__Exercise directions__:
Give back the line below containing "this 1288×966 image." and every later line, exactly.
*** Record extracts
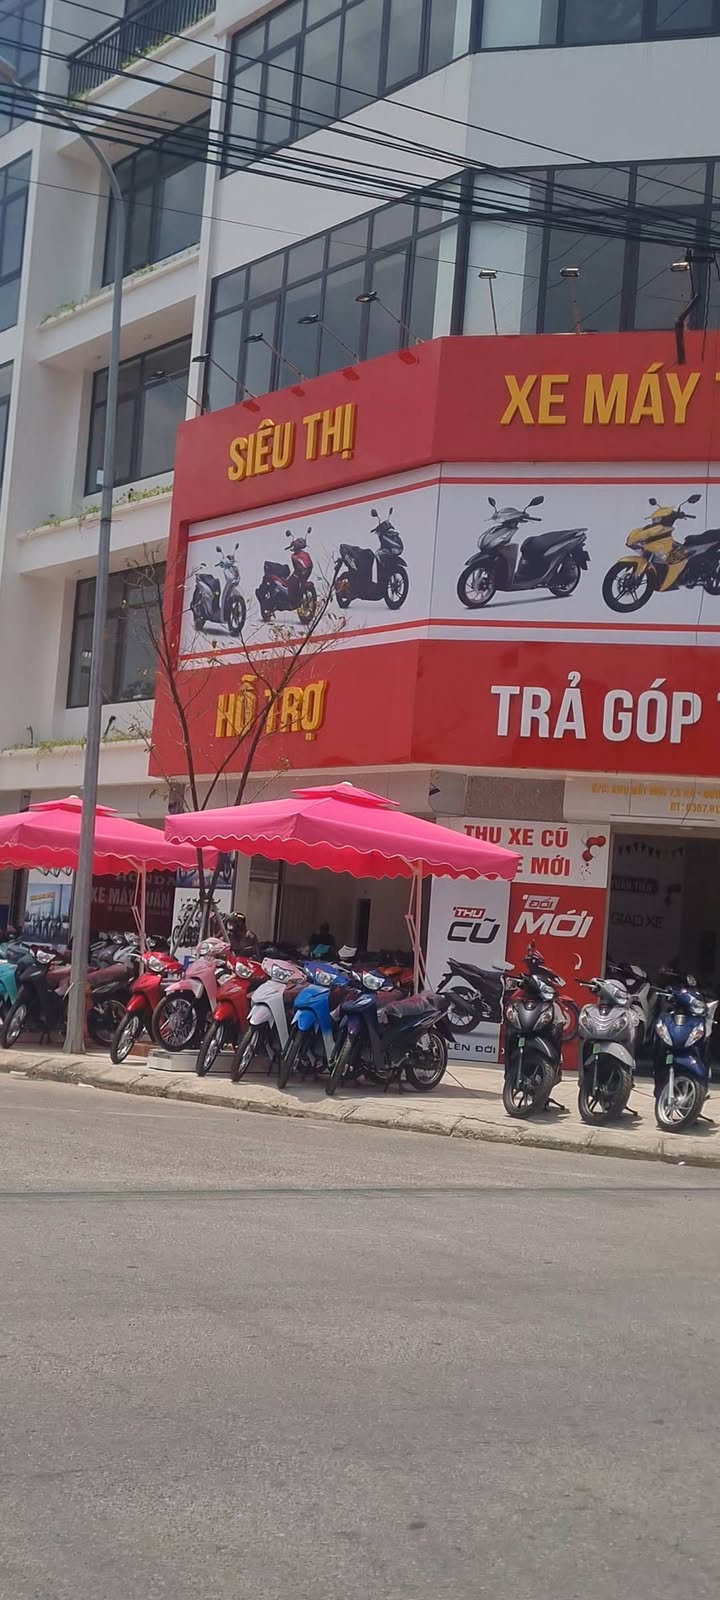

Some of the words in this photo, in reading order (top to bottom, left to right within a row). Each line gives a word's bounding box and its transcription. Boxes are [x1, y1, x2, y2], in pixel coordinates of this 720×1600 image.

[500, 373, 570, 426] XE
[583, 362, 701, 426] MÁY
[227, 418, 294, 481] SIÊU
[302, 402, 356, 460] THỊ
[215, 674, 258, 738] HỖ
[263, 680, 328, 742] TRỢ
[490, 671, 587, 741] TRẢ
[602, 678, 703, 744] GÓP
[464, 824, 502, 844] THU
[508, 827, 534, 846] XE
[541, 826, 569, 848] CŨ
[531, 854, 570, 877] MỚI
[456, 908, 483, 918] THU
[513, 908, 594, 938] MỚI
[447, 917, 500, 944] CŨ
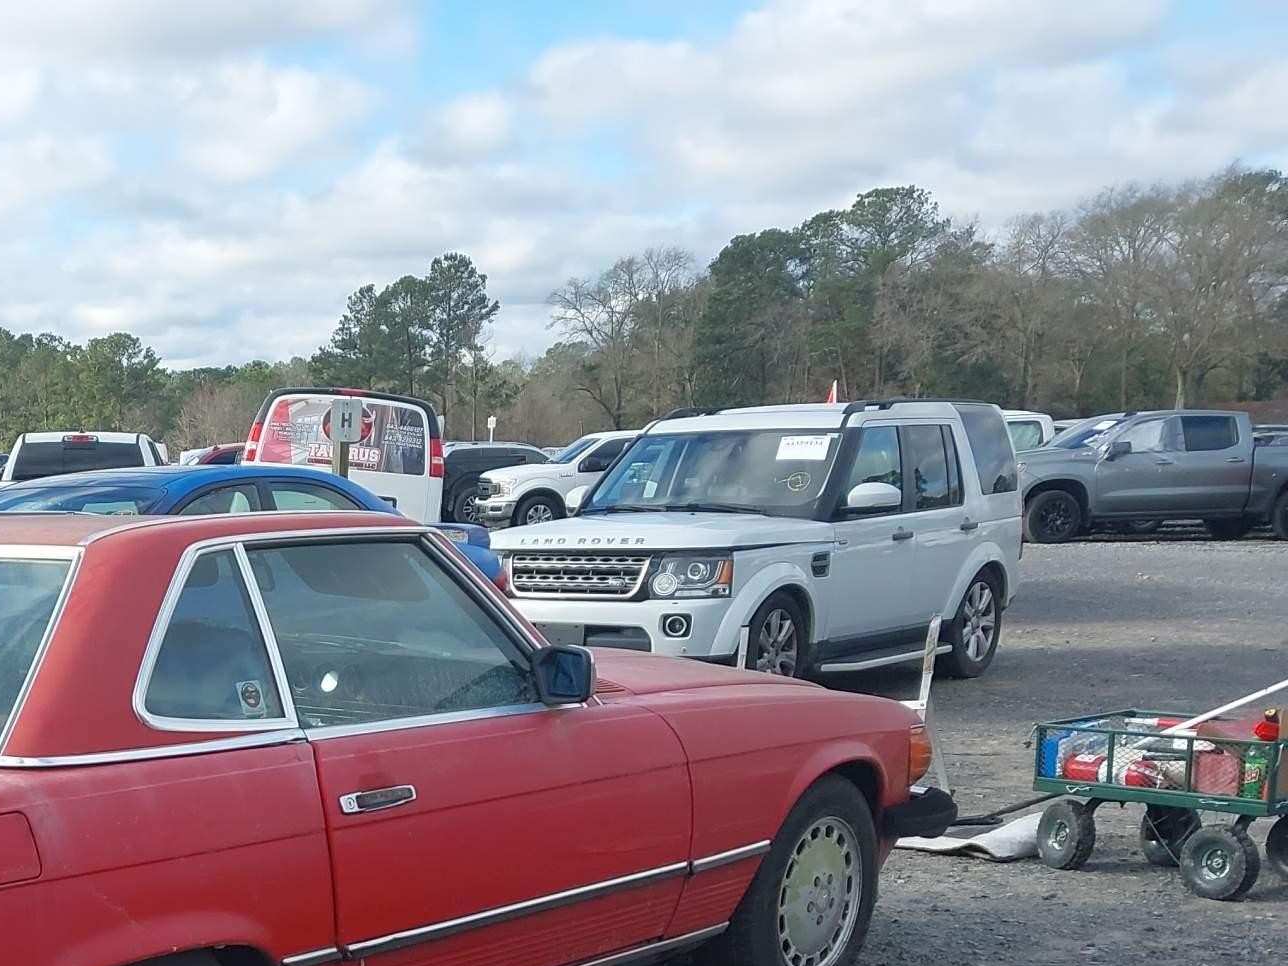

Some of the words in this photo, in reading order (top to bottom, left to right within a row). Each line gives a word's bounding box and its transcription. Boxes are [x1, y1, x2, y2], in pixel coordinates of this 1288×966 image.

[341, 412, 353, 429] H
[308, 444, 381, 462] TARUS
[520, 537, 567, 545] LAND
[577, 537, 646, 545] ROVER
******
__Worked solution__:
Some of the words in this photo, in reading order (top to bottom, left to right within a row). Each line gives a word's bounding box and its transcription. Boxes are [x1, y1, x2, y2], in pixel coordinates of this 1288×966 image.

[341, 412, 353, 429] H
[308, 444, 381, 462] TARUS
[520, 537, 567, 545] LAND
[577, 537, 646, 545] ROVER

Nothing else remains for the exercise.